◆ Task directions
Only an exact reprint of all the data is acceptable.

[Provided entries — start]

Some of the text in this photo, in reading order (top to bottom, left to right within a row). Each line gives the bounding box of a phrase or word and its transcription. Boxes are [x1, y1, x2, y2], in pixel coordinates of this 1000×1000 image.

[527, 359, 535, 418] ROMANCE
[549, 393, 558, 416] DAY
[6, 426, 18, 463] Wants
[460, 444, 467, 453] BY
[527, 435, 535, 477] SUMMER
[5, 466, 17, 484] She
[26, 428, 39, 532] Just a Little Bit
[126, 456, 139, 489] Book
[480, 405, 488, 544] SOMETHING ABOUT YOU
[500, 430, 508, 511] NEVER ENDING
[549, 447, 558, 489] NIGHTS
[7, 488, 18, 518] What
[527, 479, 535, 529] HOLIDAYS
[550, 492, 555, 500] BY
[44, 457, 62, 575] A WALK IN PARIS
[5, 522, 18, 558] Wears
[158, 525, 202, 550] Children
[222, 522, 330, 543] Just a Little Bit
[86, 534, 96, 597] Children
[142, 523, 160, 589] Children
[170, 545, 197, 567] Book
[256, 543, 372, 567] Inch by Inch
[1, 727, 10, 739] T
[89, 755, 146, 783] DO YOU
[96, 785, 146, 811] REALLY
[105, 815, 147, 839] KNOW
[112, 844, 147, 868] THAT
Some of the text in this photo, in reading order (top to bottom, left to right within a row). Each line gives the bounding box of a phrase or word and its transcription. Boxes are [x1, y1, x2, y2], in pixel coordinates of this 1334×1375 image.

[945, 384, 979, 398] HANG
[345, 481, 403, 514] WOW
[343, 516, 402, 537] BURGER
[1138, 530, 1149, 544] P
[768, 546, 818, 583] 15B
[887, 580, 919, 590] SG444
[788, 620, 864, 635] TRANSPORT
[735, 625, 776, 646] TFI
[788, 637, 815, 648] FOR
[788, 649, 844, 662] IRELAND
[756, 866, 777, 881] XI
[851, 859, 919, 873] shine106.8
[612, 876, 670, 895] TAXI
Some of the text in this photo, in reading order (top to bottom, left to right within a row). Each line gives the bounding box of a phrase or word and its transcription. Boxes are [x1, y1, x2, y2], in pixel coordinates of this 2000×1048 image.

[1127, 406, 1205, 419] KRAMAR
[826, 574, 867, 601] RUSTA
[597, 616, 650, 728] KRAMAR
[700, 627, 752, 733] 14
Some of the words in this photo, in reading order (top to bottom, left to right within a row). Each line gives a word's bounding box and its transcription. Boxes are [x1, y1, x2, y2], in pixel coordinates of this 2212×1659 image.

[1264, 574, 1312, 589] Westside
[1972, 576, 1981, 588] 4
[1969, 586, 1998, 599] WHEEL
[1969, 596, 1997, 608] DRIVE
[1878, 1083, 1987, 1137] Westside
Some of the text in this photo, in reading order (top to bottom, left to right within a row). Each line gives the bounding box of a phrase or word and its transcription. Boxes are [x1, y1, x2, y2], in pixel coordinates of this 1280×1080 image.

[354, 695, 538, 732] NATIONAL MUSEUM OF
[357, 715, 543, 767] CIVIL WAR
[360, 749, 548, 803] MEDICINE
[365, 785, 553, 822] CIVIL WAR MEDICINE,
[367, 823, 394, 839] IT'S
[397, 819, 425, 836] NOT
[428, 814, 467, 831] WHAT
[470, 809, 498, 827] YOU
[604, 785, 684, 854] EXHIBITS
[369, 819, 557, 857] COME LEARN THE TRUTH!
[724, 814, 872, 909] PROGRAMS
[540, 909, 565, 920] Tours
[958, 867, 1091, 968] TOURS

[Provided entries — finish]

◆ Response to this exercise
Some of the text in this photo, in reading order (top to bottom, left to right within a row). Each line gives the bounding box of a phrase or word and its transcription. Boxes are [x1, y1, x2, y2], in pixel coordinates of this 1000×1000 image.

[527, 359, 535, 418] ROMANCE
[549, 393, 558, 416] DAY
[6, 426, 18, 463] Wants
[460, 444, 467, 453] BY
[527, 435, 535, 477] SUMMER
[5, 466, 17, 484] She
[26, 428, 39, 532] Just a Little Bit
[126, 456, 139, 489] Book
[480, 405, 488, 544] SOMETHING ABOUT YOU
[500, 430, 508, 511] NEVER ENDING
[549, 447, 558, 489] NIGHTS
[7, 488, 18, 518] What
[527, 479, 535, 529] HOLIDAYS
[550, 492, 555, 500] BY
[44, 457, 62, 575] A WALK IN PARIS
[5, 522, 18, 558] Wears
[158, 525, 202, 550] Children
[222, 522, 330, 543] Just a Little Bit
[86, 534, 96, 597] Children
[142, 523, 160, 589] Children
[170, 545, 197, 567] Book
[256, 543, 372, 567] Inch by Inch
[1, 727, 10, 739] T
[89, 755, 146, 783] DO YOU
[96, 785, 146, 811] REALLY
[105, 815, 147, 839] KNOW
[112, 844, 147, 868] THAT
Some of the text in this photo, in reading order (top to bottom, left to right within a row). Each line gives the bounding box of a phrase or word and its transcription. Boxes are [x1, y1, x2, y2], in pixel coordinates of this 1334×1375 image.

[945, 384, 979, 398] HANG
[345, 481, 403, 514] WOW
[343, 516, 402, 537] BURGER
[1138, 530, 1149, 544] P
[768, 546, 818, 583] 15B
[887, 580, 919, 590] SG444
[788, 620, 864, 635] TRANSPORT
[735, 625, 776, 646] TFI
[788, 637, 815, 648] FOR
[788, 649, 844, 662] IRELAND
[756, 866, 777, 881] XI
[851, 859, 919, 873] shine106.8
[612, 876, 670, 895] TAXI
Some of the text in this photo, in reading order (top to bottom, left to right within a row). Each line gives the bounding box of a phrase or word and its transcription. Boxes are [x1, y1, x2, y2], in pixel coordinates of this 2000×1048 image.

[1127, 406, 1205, 419] KRAMAR
[826, 574, 867, 601] RUSTA
[597, 616, 650, 728] KRAMAR
[700, 627, 752, 733] 14
Some of the words in this photo, in reading order (top to bottom, left to right within a row). Each line gives a word's bounding box and its transcription. Boxes are [x1, y1, x2, y2], in pixel coordinates of this 2212×1659 image.

[1264, 574, 1312, 589] Westside
[1972, 576, 1981, 588] 4
[1969, 586, 1998, 599] WHEEL
[1969, 596, 1997, 608] DRIVE
[1878, 1083, 1987, 1137] Westside
Some of the text in this photo, in reading order (top to bottom, left to right within a row). Each line gives the bounding box of a phrase or word and its transcription. Boxes are [x1, y1, x2, y2], in pixel coordinates of this 1280×1080 image.

[354, 695, 538, 732] NATIONAL MUSEUM OF
[357, 715, 543, 767] CIVIL WAR
[360, 749, 548, 803] MEDICINE
[365, 785, 553, 822] CIVIL WAR MEDICINE,
[367, 823, 394, 839] IT'S
[397, 819, 425, 836] NOT
[428, 814, 467, 831] WHAT
[470, 809, 498, 827] YOU
[604, 785, 684, 854] EXHIBITS
[369, 819, 557, 857] COME LEARN THE TRUTH!
[724, 814, 872, 909] PROGRAMS
[540, 909, 565, 920] Tours
[958, 867, 1091, 968] TOURS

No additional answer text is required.